1. Participate in your annual worker'compensation audit
This is the time when your insurance company verifies the invoice and risk classification each year. You must verify all data to ensure the correct payroll in each risk category during the relevant period and to question any risk classifications that you believe are wrong.
Errors are common in both areas. Just because they say this is not the case. They can assign hundreds of categories. You can and should challenge any suspicious classification. You must know for yourself which classification options and which classification options apply to each of your employees.
How else can you determine if the assigned classification is appropriate and do you have other options? If there are doubts, challenge. Many are wrong, and mistakes are almost always beneficial to insurance companies.
The error you paid in the form of a higher rate.
I work with a company that saves thousands of dollars in premiums each year, allowing a group of workers to reclassify [correctly] the risk of less than $0.40 per hundred dollars compared to the previous $5.90 per dollar. I must add that an incorrect classification has existed for more than 20 years. Think about the premium fees that the company incorrectly charged in 20 years.
The rate for each employee varies widely.
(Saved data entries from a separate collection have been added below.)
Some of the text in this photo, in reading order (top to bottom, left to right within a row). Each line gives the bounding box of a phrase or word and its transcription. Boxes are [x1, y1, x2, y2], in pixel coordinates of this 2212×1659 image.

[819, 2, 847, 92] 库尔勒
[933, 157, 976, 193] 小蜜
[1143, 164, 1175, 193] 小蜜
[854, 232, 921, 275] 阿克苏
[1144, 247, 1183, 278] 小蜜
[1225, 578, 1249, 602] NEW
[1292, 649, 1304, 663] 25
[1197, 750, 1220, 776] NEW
Depending on your size, payroll and industry, incorrect rate classifications can easily cost hundreds, thousands or even tens of thousands of dollars or more per year. If you have any questions about the correct rate classification, you can safely inject the insurance company to classify your employees according to their highest rate. A higher risk classification will result in higher premiums.
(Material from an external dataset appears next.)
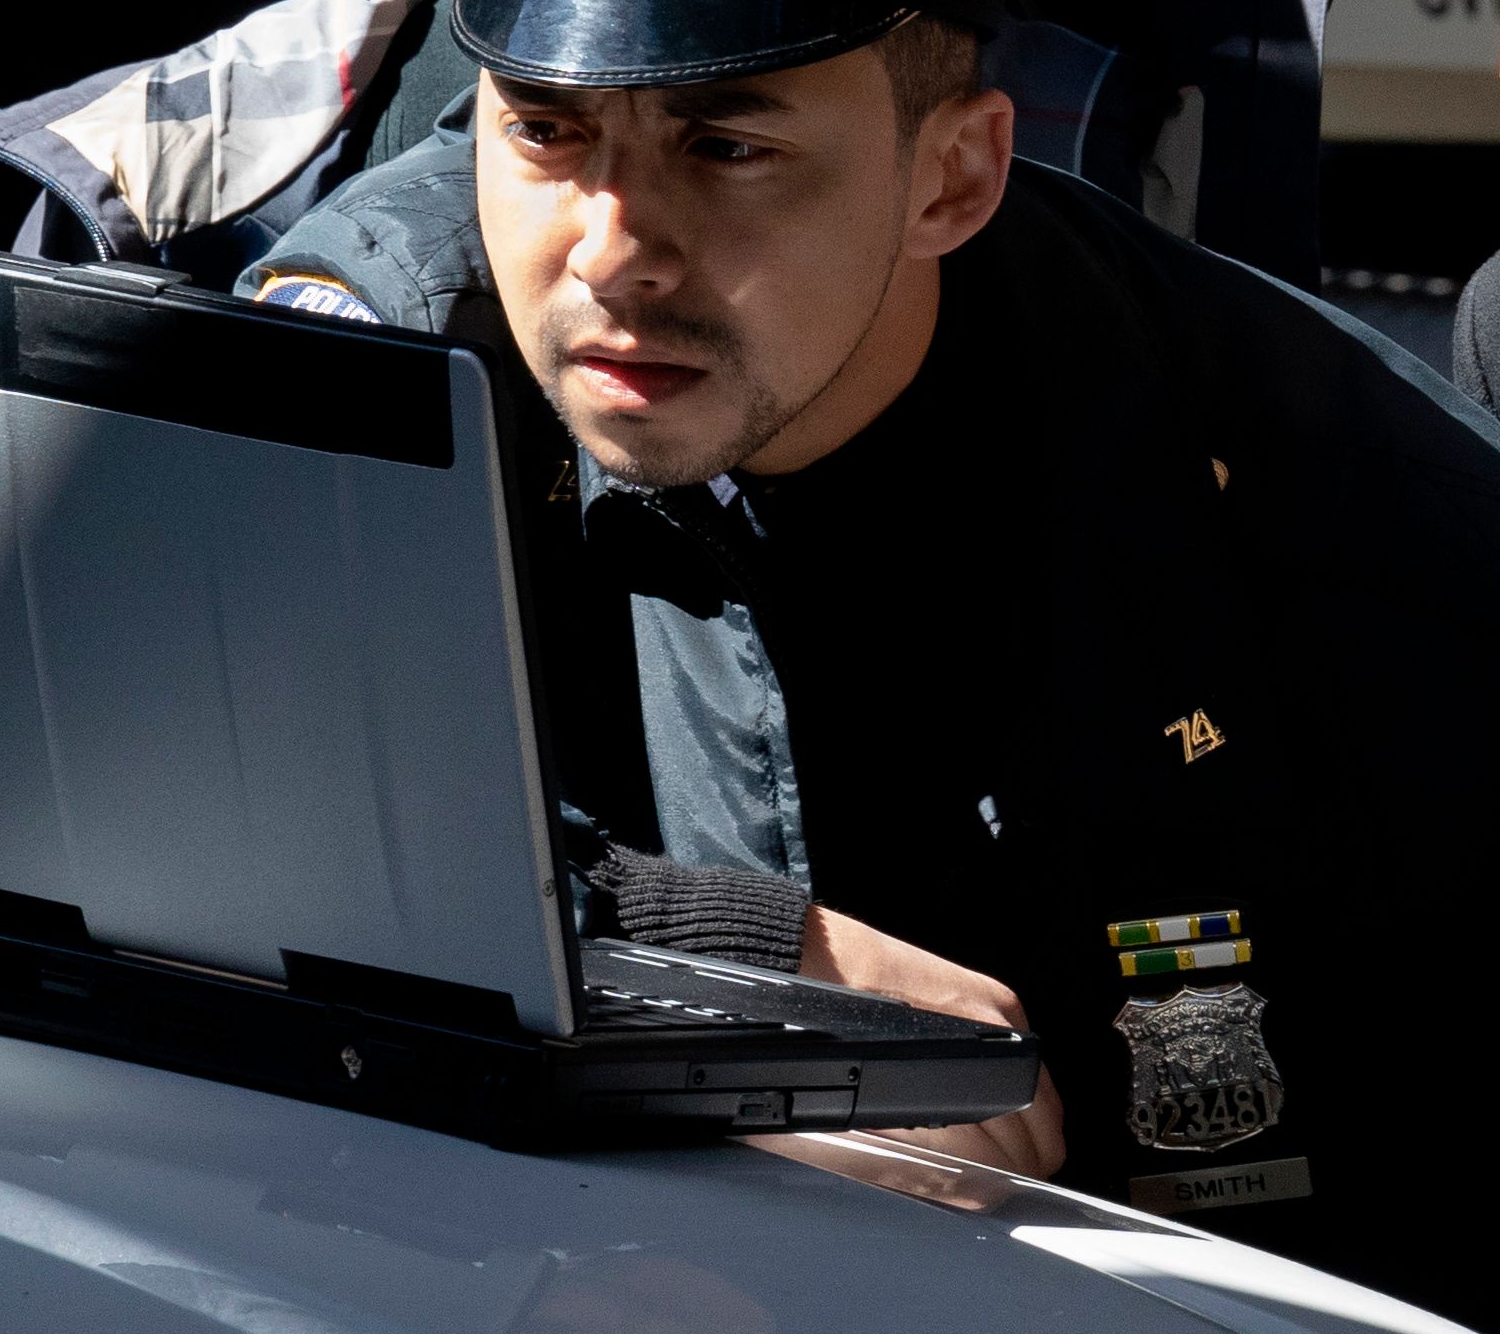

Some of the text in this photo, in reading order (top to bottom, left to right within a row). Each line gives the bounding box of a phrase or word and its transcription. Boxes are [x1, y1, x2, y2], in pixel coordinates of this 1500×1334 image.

[1164, 708, 1226, 764] 74
[1130, 1083, 1279, 1146] 923481
[1174, 1175, 1266, 1202] SMITH
Their goals are exactly the opposite of yours. Never assume!
2. If appropriate, request a split rate classification
In today's employment world, many employees work in a variety of jobs. This can lead to many possible rate classifications. You want the lowest rate classification to be possible. Your insurance company will try to assign the highest rate classification.
But what if your employees spend 40% of their time on a higher classification function and 60% of their time on a lower risk rate classification? Why do you want to pay 100% of his time based on the cost rate function? In this case, one interest rate may be 3.59 per 100 dollars, while another possible interest rate may be $2.25 per 100 dollars. This is a significant difference.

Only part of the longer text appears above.